Wenn nicht nur der Zahn der Zeit nagt
Autor: Redaktion
Hammelburg, Mittwoch, 11. August 2021
Der "Streichholzaltar" des Hammelburger Künstlers Robert Höfling muss im Museum am Dom abgehängt und wegen Schädlingsbefalls behandelt werden.
Eine Lücke klafft derzeit in der Dauerausstellung im Museum am Dom in Würzburg. Der "Streichholzaltar" des Hammelburger Künstlers Robert Höfling (1919 bis 1997) wurde Mitte Juli abgebaut und im Depot des Museums in einem Spezialzelt gegen Schädlingsbefall behandelt. Brotkäfer hatten sich in den angekohlten Kartoffeln eingenistet, mit denen Höfling Teile seines Werks gestaltet hat, schreibt der Pressedienst des Bischöflichen Ordinariats in einer Pressemitteilung.

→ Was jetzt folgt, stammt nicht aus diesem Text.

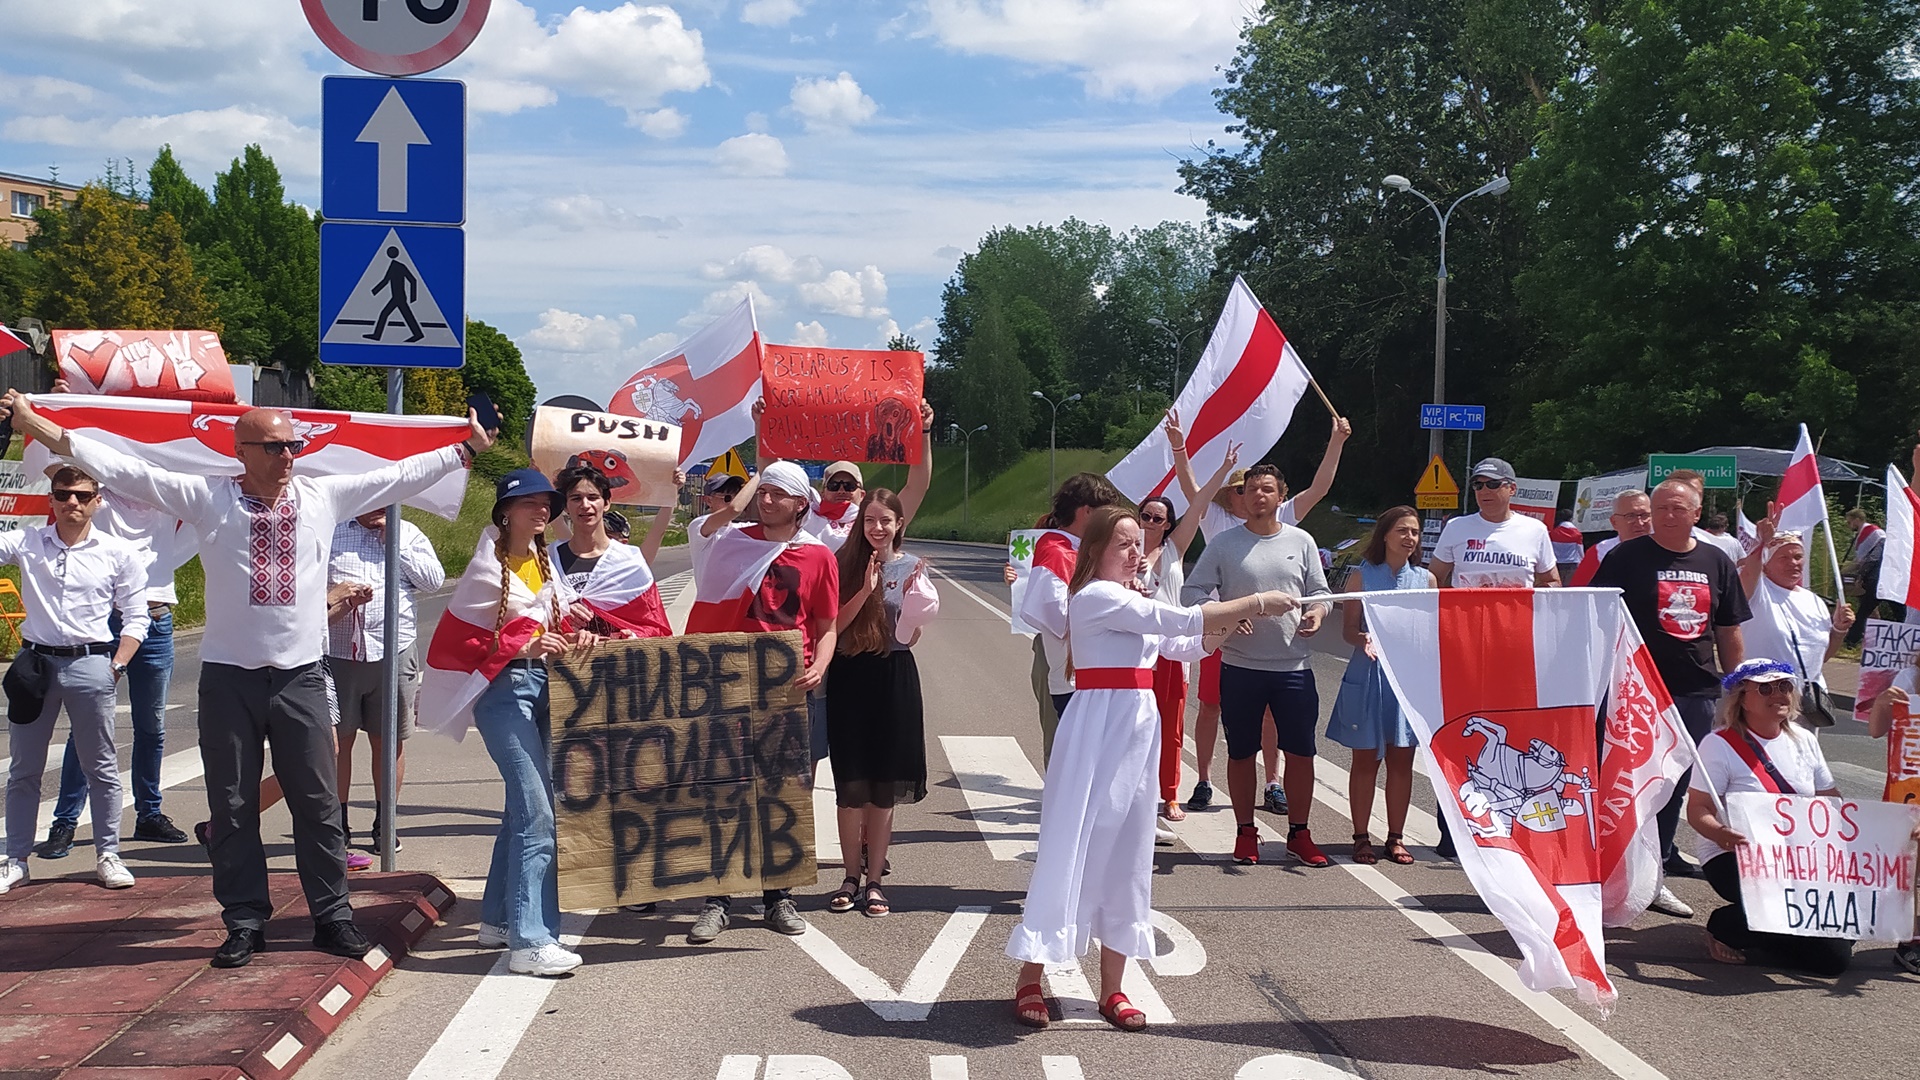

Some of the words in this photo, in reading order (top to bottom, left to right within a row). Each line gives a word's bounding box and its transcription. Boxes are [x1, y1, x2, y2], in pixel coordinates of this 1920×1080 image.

"In der zeitgenössischen Kunst werden die ungewöhnlichsten Materialien verwendet", sagt Museumskurator Michael Koller. So bedrohen nicht nur Licht und Feuchtigkeit, sondern in manchen Fällen eben auch Schädlinge die Kunstwerke. Um sie vor Schaden zu bewahren und ungebetene "Gäste" rechtzeitig zu entdecken, gibt es im Museum eine Reihe von Vorsorgemaßnahmen.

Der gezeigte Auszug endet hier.